But I think there's a niche there. It's certainly something I'd consider using
if a project had this requirement.

Only one design point I'm not so keen on - the cutting off of the descender on
the "y" of sunny trail on internal pages - it just feels a little jarring to
my eye. Fairly minor quibble though - nice project!

------
yuvadam
Clickable: <http://www.thesunnytrail.com>

------
karlclement
Hello there,

First of all, the overall design is beautiful, bright and esthetically
pleasing. I enjoy the use of the bright colors and vector graphics to make the
home page more appealing.

Although I do think that there should be more information on the home page.
Probably a tabbed format or a simple slideshow to display the main features of
the application. I understand you are aiming for simplicity but I personally
enjoy a more feature filled application.

When visitors access the "Features" page, you can add a more detailed
description explaining how the application works. Maybe a step by step process
to setting up the API.

The "Pricing" page is great, simple and answers the most common questions
users might have.

The "Developers" page is also very instructive. Although as a PHP developer, I
would like to be able to access a wrapper example or a step by step tutorial
explaining the process. Maybe a tutorial to match the Demo Dashboard setup.

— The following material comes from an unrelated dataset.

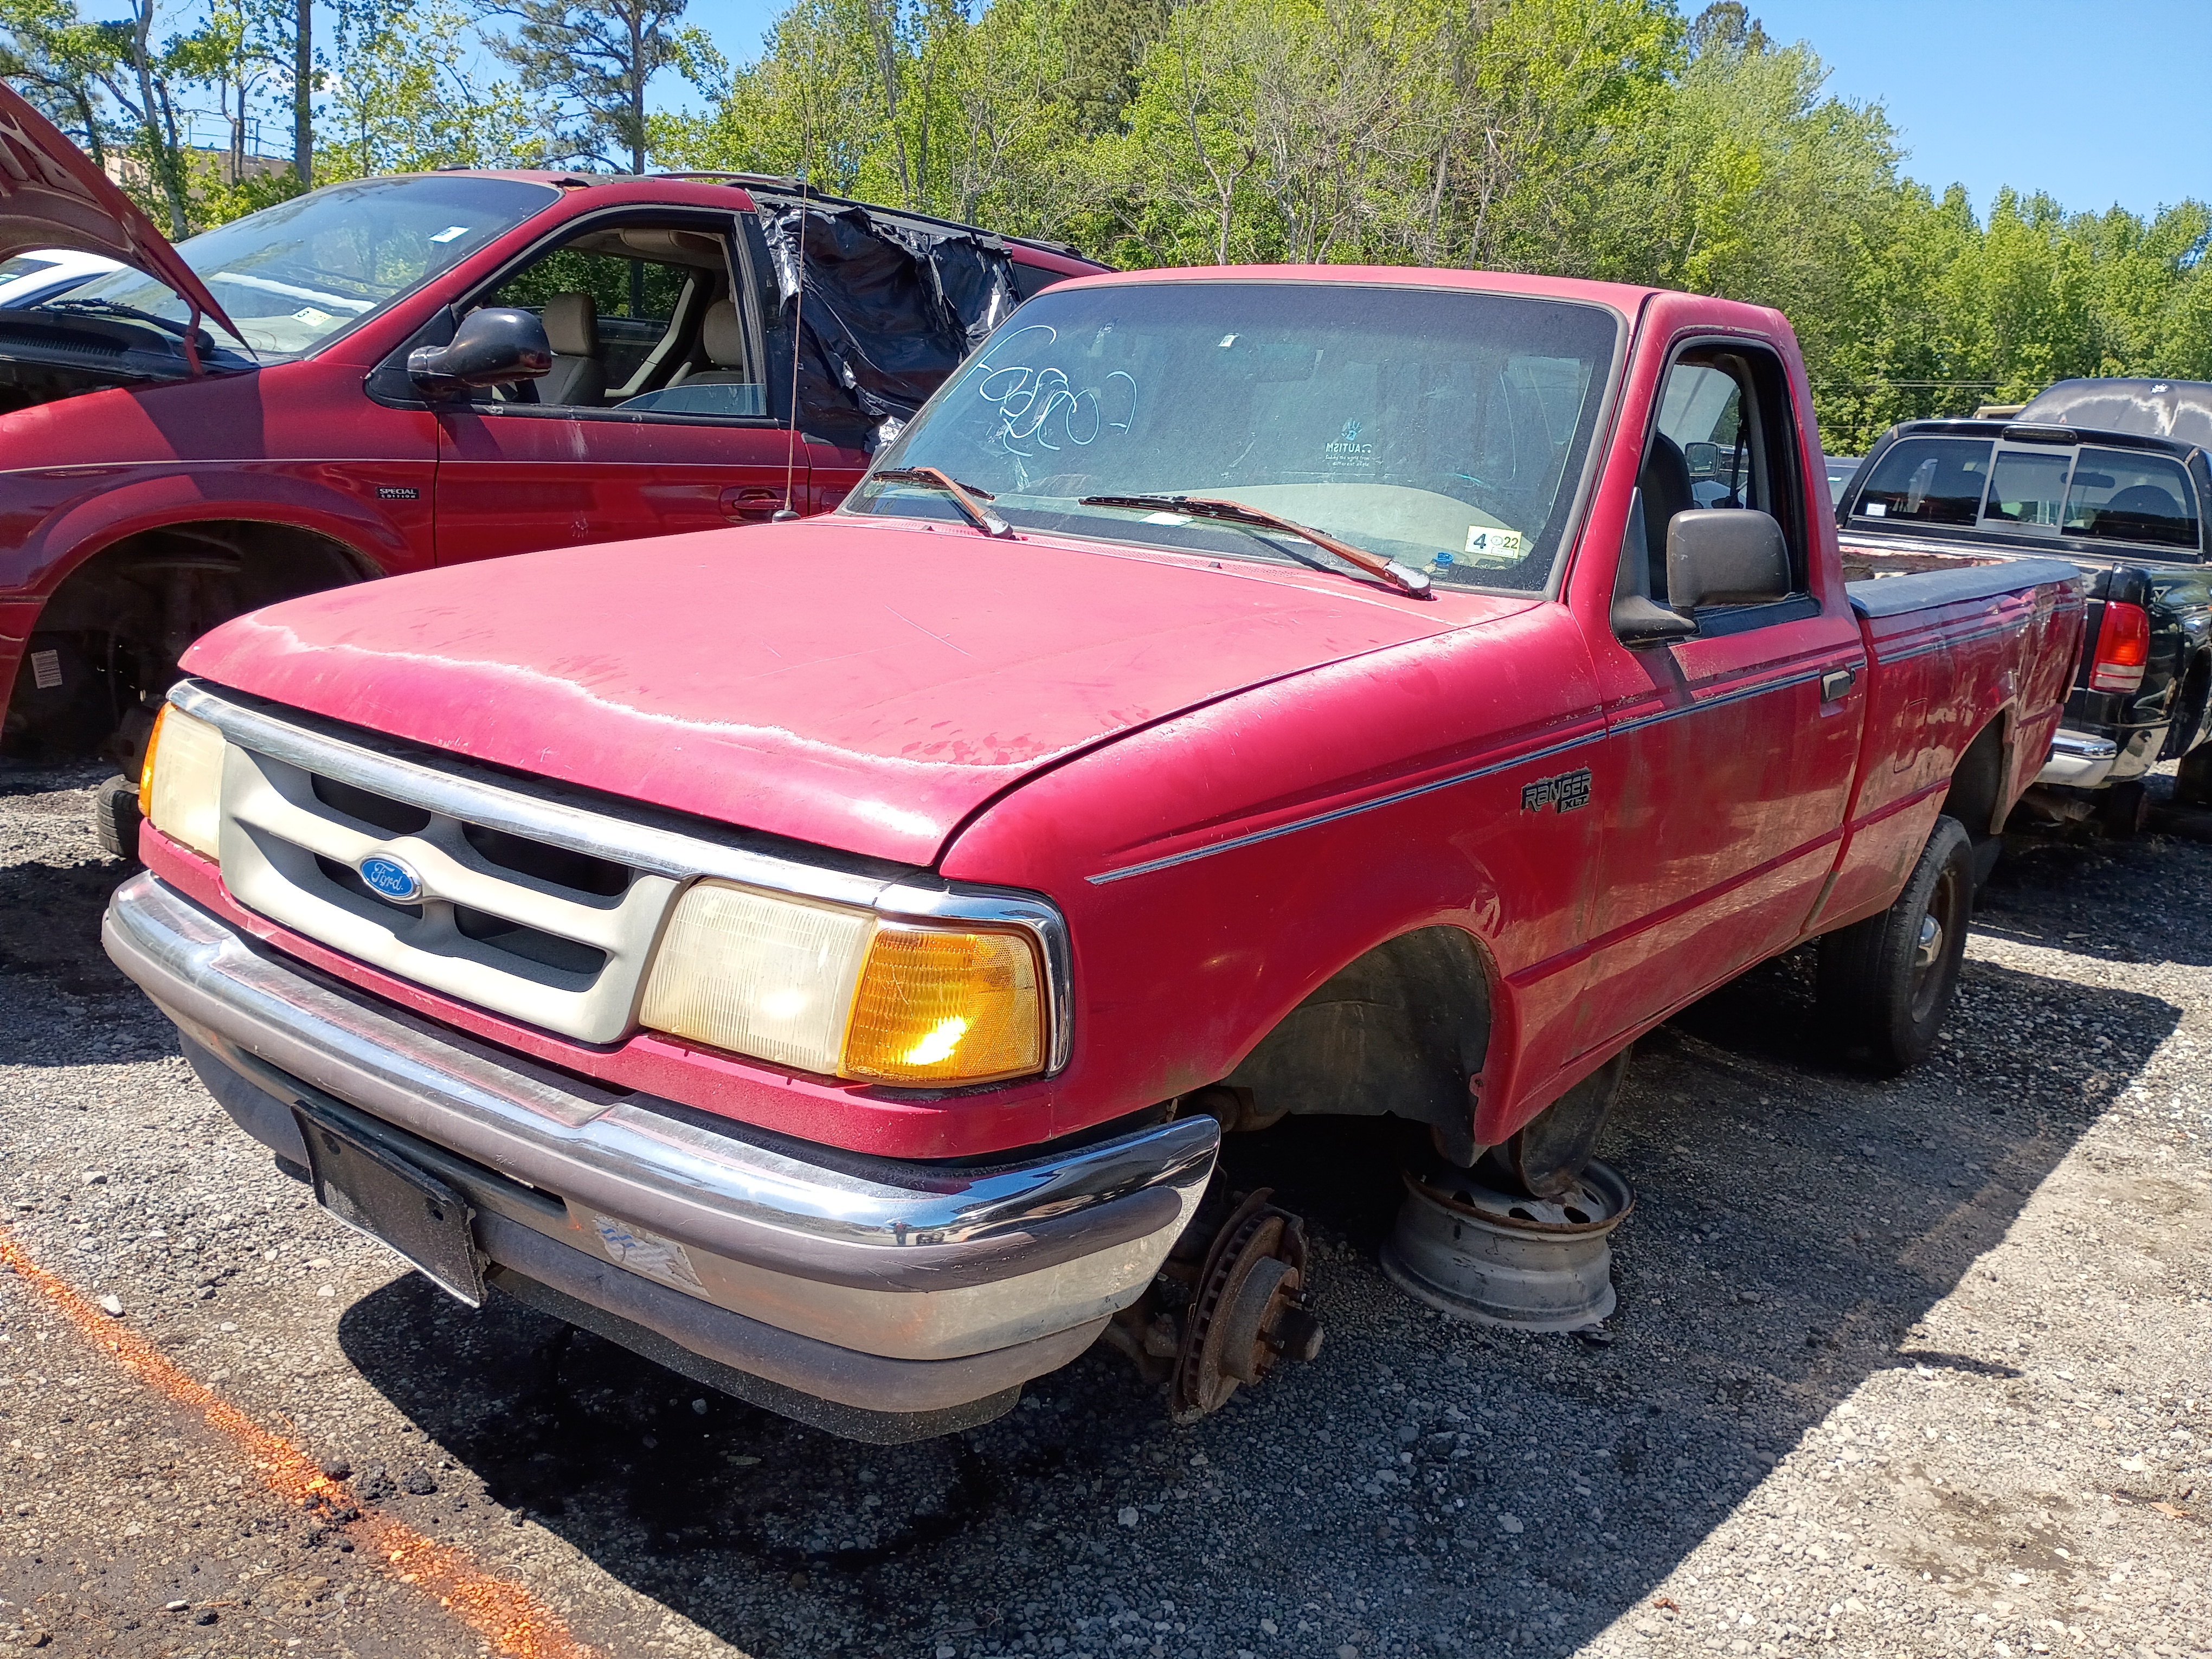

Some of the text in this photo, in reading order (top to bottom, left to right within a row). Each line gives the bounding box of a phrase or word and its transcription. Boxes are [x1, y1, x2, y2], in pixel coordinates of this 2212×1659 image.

[1474, 533, 1519, 549] 4 22
[1525, 773, 1592, 811] RANGER
[1564, 795, 1587, 810] XLT
[371, 863, 403, 891] Ford

For the link to the blog, I would have liked to see a dedicated blog for
thesunnytrail.com. Seems unprofessional. Could be a simple Wordpress
installation with a matching theme. You could even use a simpler platform such
as Posterous and create a matching theme.

I enjoyed the simple and straightforward "Dashboard", but the sidebar seems
empty. Maybe add additional submenu items horizontally under the main tab
bar.The interactive jQuery charts are a must.

Overall, I think this is a fantastic idea and a fantastic application. Great
job. I think it will be very popular for any web startup. Good luck!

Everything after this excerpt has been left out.